At the end of October, his real estate fund, Equity Residential, agreed to sell more than 23,000 apartment units to Starwood Capital for $5.4 billion. The sale represents over 20 percent of the Equity Residential portfolio.

The fund plans to sell another 4,700 apartment units in the near future. Most of the proceeds will be returned to investors in the form of a dividend sometime next year.

Another real estate fund managed by Zell, Equity Commonwealth, has sold 82 office properties worth $1.7 billion since February. The fund plans to raise another $1.3 billion by selling off more properties over the next few years.

commercial real estateMauldin Economics

Zell is cashing out of non-core assets after the run up in real estate prices in recent years. Rather than reinvest, much of the cash is being returned to investors. The message he is sending is clear—it’s time to sell.

High prices + rising interest rates = time to sell

REITs (real estate investment trusts) have been one of the hottest investment sectors in the aftermath of the 2008 credit crisis.

REIT prices are up 286% from their March 2009 low, compared to 209% for the S&P 500 over that same period. Real estate prices have benefited greatly from the Federal Reserve’s aggressive stimulus packages and zero-interest rate monetary policy.
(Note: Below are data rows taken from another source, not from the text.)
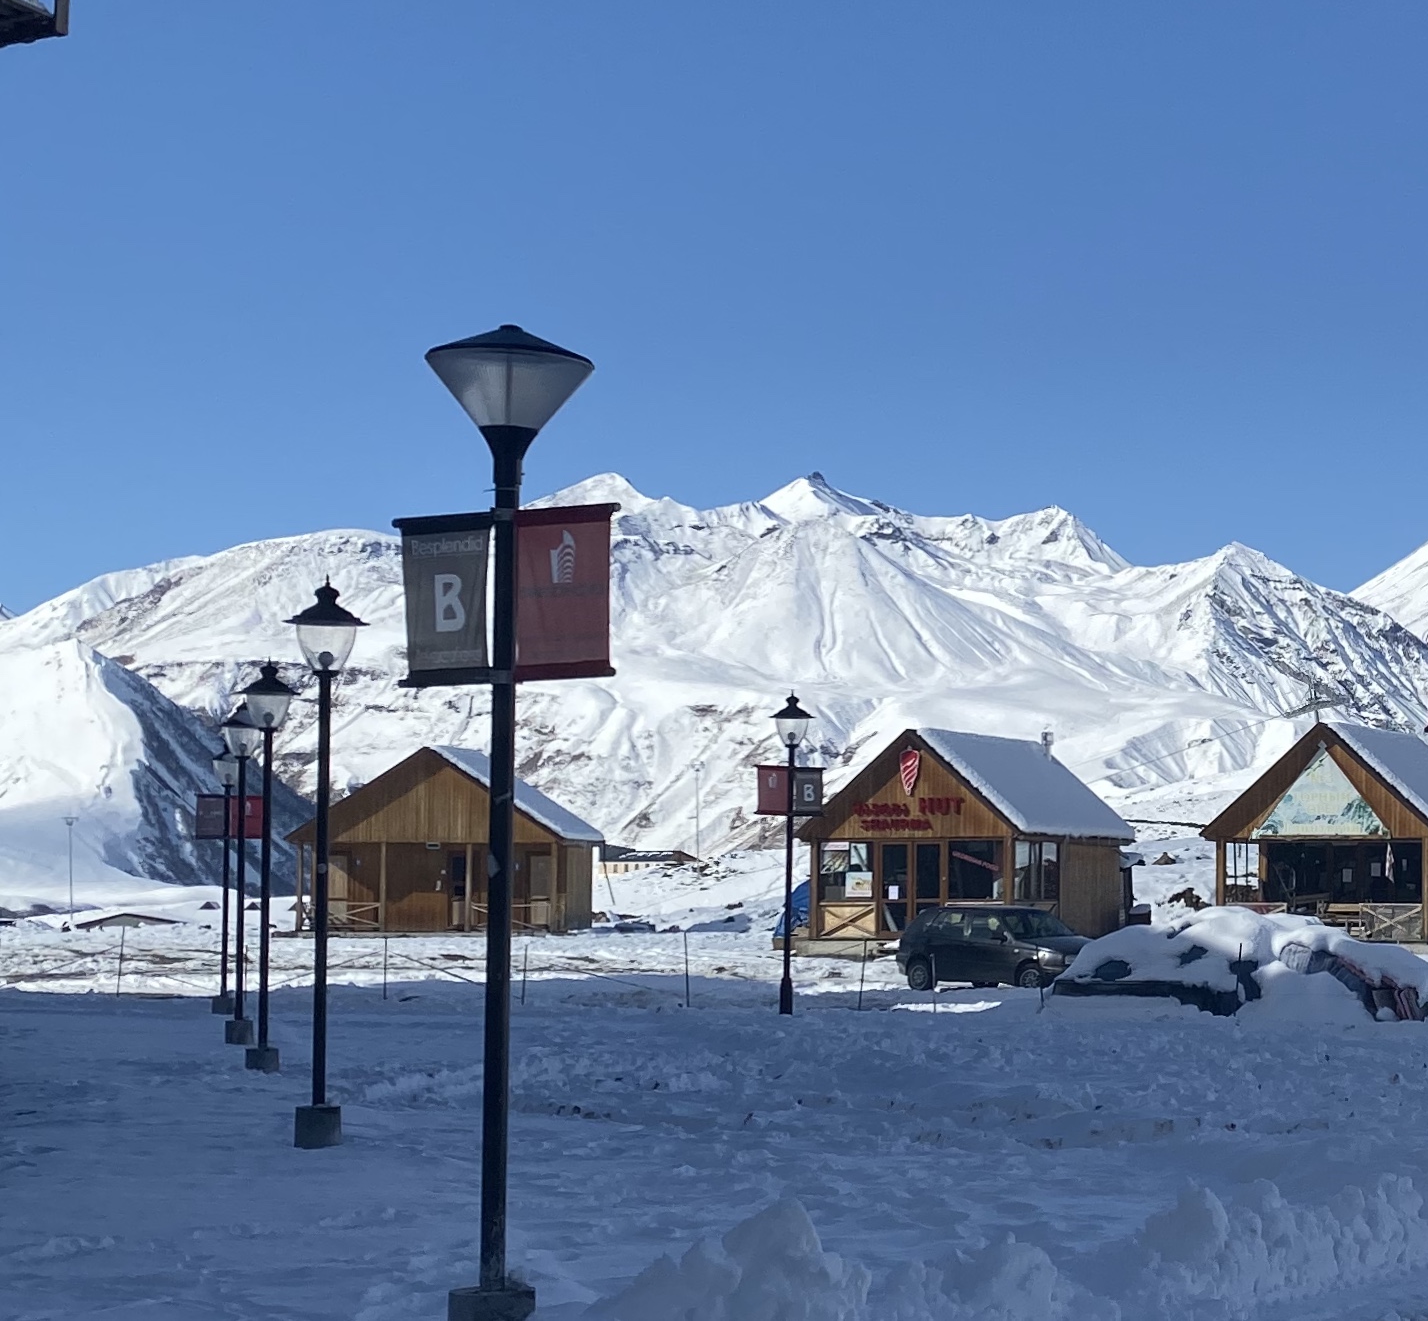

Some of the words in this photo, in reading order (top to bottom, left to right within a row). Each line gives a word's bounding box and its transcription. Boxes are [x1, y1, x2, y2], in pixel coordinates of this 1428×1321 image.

[434, 573, 466, 632] B
[803, 783, 815, 802] B
[918, 796, 965, 815] HUT
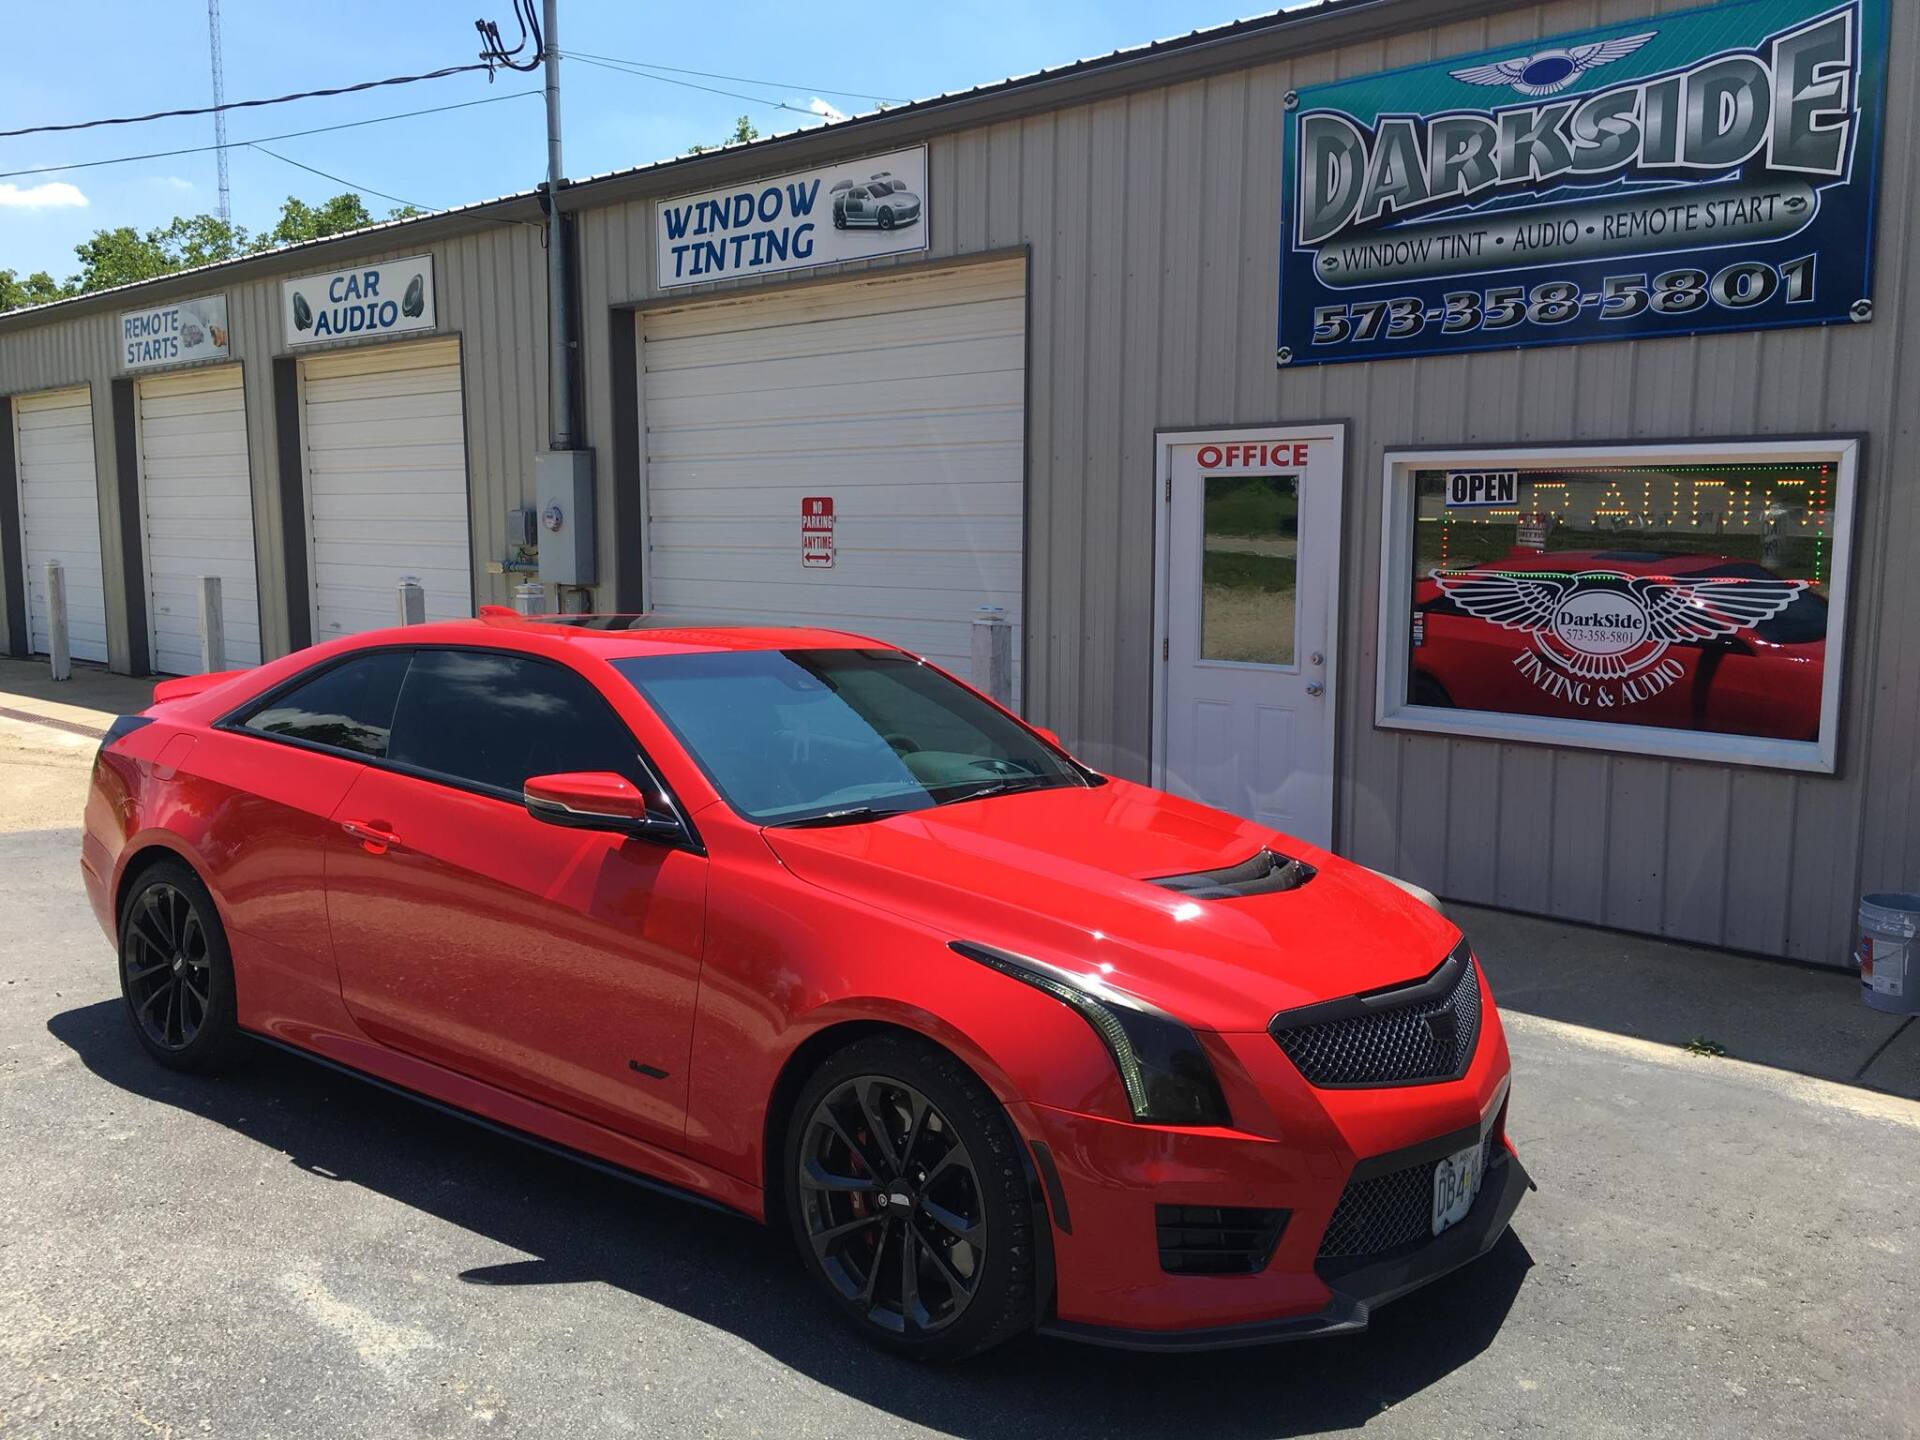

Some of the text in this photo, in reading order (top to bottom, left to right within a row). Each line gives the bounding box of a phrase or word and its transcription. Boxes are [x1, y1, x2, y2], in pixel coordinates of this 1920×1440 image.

[1299, 8, 1855, 247] DARKSIDE
[663, 179, 821, 240] WINDOW
[1342, 193, 1782, 273] WINDOW TINT AUDIO REMOTE START
[671, 223, 815, 277] TINTING
[329, 270, 380, 303] CAR
[1311, 254, 1817, 346] 573-358-5801
[124, 309, 179, 340] REMOTE
[314, 300, 399, 337] AUDIO
[127, 336, 179, 364] STARTS
[1196, 444, 1309, 469] OFFICE
[1452, 473, 1514, 502] OPEN
[802, 516, 833, 529] PARKING
[812, 501, 823, 515] NO
[1560, 611, 1642, 630] DarkSide
[1566, 629, 1634, 643] 573-358-5801
[1512, 646, 1685, 707] TINTING & AUDIO
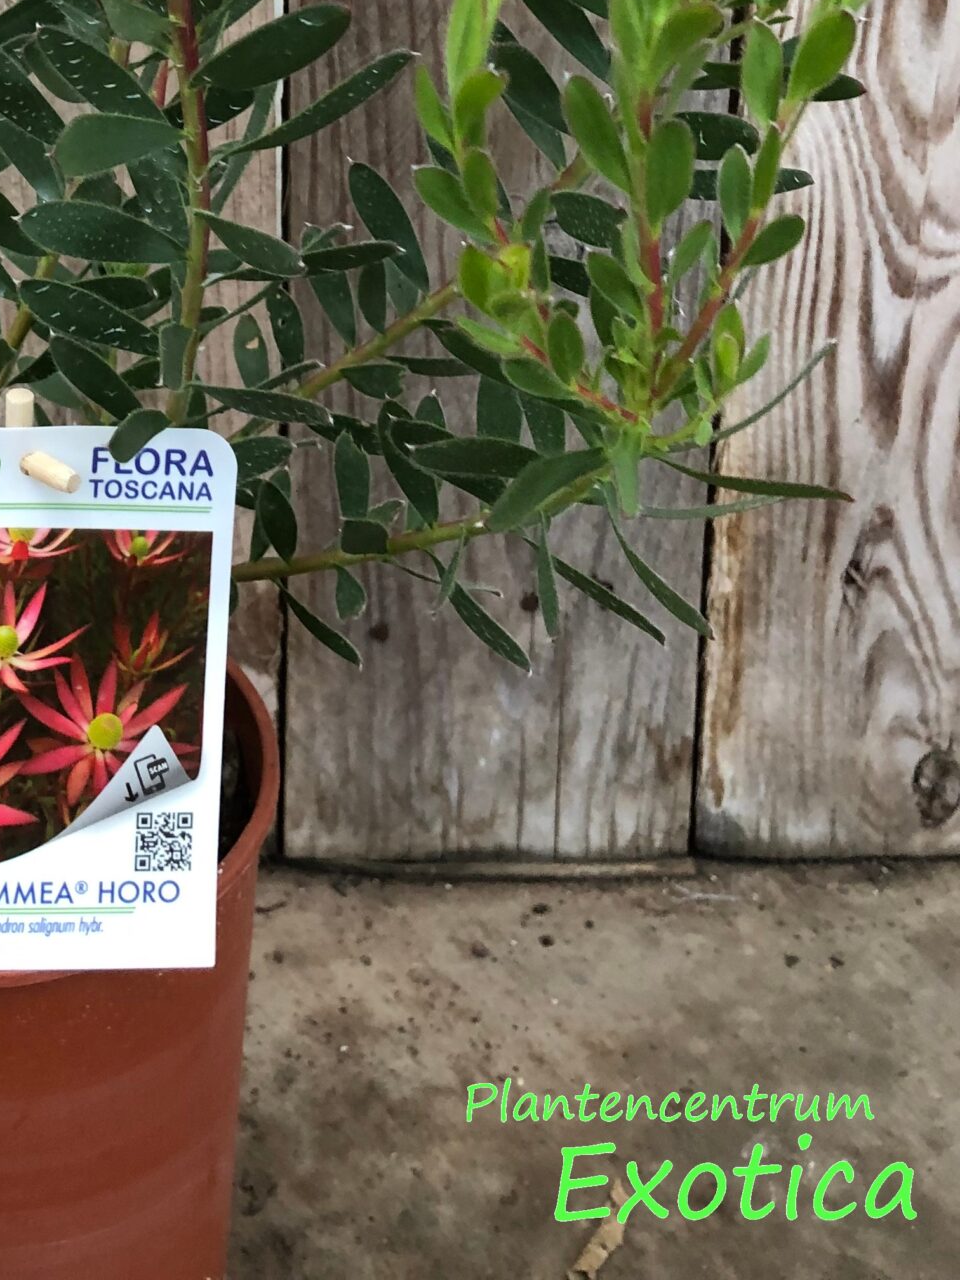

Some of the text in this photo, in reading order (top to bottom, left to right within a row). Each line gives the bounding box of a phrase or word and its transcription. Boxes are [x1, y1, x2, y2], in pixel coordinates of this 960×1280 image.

[89, 479, 212, 501] TOSCANA
[149, 762, 168, 774] SCAN
[98, 879, 181, 904] HORO
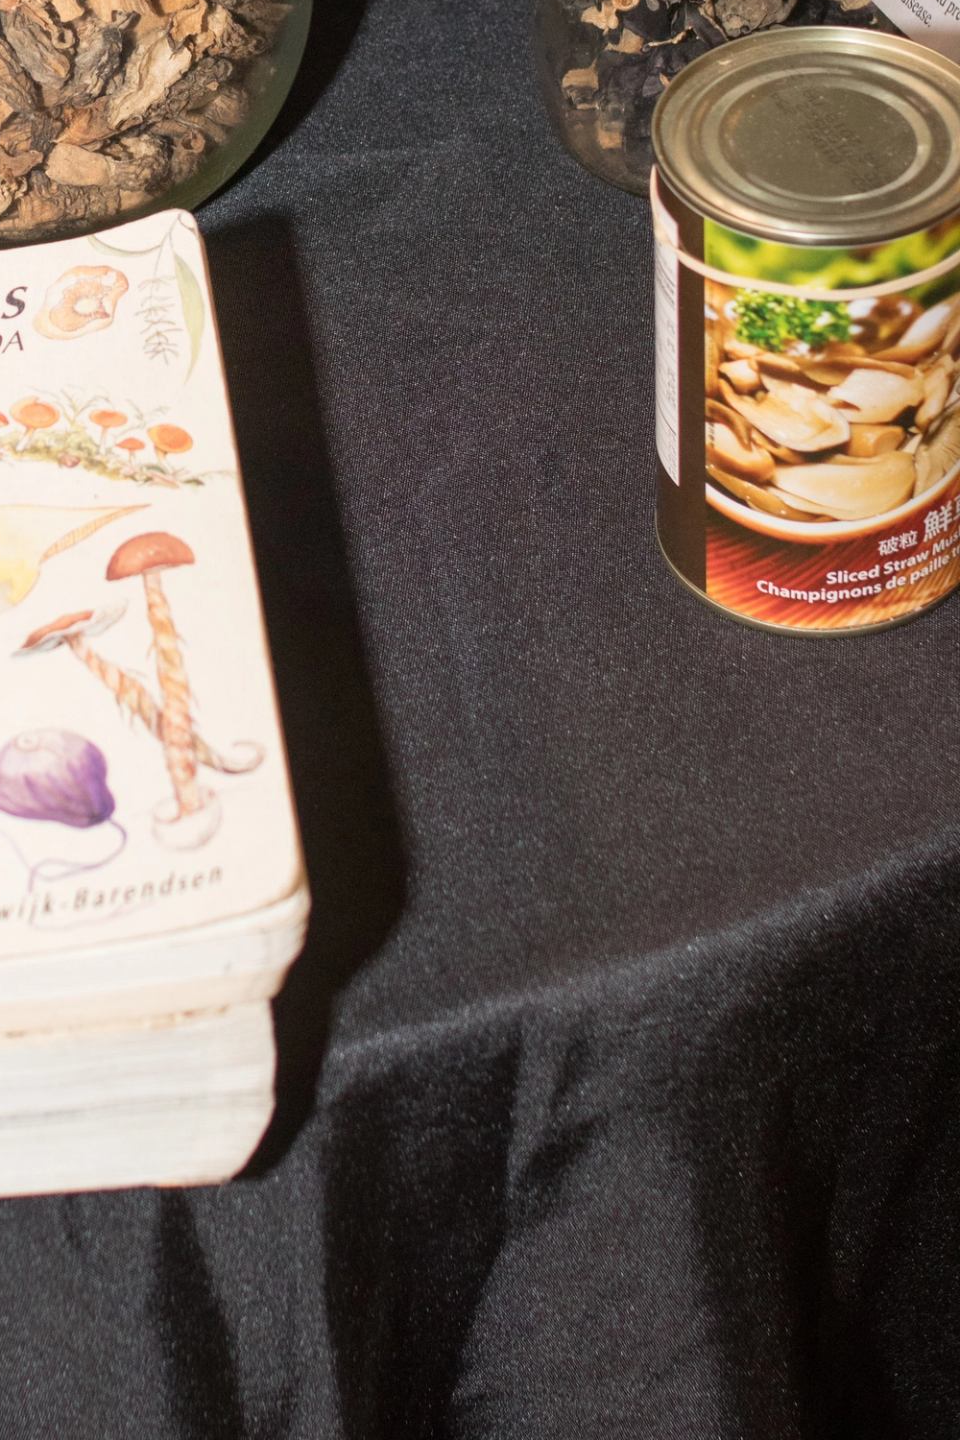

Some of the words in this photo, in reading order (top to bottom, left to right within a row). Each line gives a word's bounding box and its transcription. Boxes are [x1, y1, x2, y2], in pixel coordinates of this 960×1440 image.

Real Capital Analytics data showed that commercial property values across the country reached the highest level on record in August—up 14.5% on a nominal basis and surpassing the previous inflation adjusted mark from 2007 by 1.5%.

commercial real estateMauldin Economics

High prices have led to record low cap rates (cap rates measure a property’s yield by dividing the annual income by the property value). The average cap rate on all property types across the US hit 5.25% in September. This breaks the 5.65% low from 2007, according the Green Street Advisors.

The data dependent Fed has trapped itself in a corner. On the one hand, they can see that property values and stock markets have skyrocketed. On the other hand, real economic growth appears to have stalled.

The Fed has tried to signal an end to its easy money policies all year long. However, poor US economic data and fear of a global slowdown has kept them from taking action.

Still, the potential for higher interest rates has caused REIT investors to take a pause. Higher interest rates make dividend yields from REITs less attractive than the safer alternatives, such as Treasury bonds. It also makes it more costly to finance new acquisitions and real estate developments.

Warning signs

The S&P US REIT Index has under performed the S&P 500 benchmark so far this year. If this holds, it will mark only the second year since 2009 that REITs have under performed the S&P 500 index—the other being 2013, when the Fed began its process of backing out of its aggressive bond-buying program.

total returnsMauldin Economics

Sam Zell is not alone. Over the last twelve months, insiders were net sellers of shares at all but one of the top ten funds on the index.

REITMauldin Economics

And the institutional money has started to follow suit as well. Five of the top ten REITs on the index had net outflows from institutional investors as of the most recent quarterly filing.

REITMauldin Economics

As Steven Roth, CEO of Vornado Realty Trust, said on an investor call in August, “The easy money has been made in this cycle… this is a time when the smart guys are starting to build cash.” You can choose to ignore the writing on the wall or perhaps it’s time for investors to follow the smart money and move their cash out of real estate.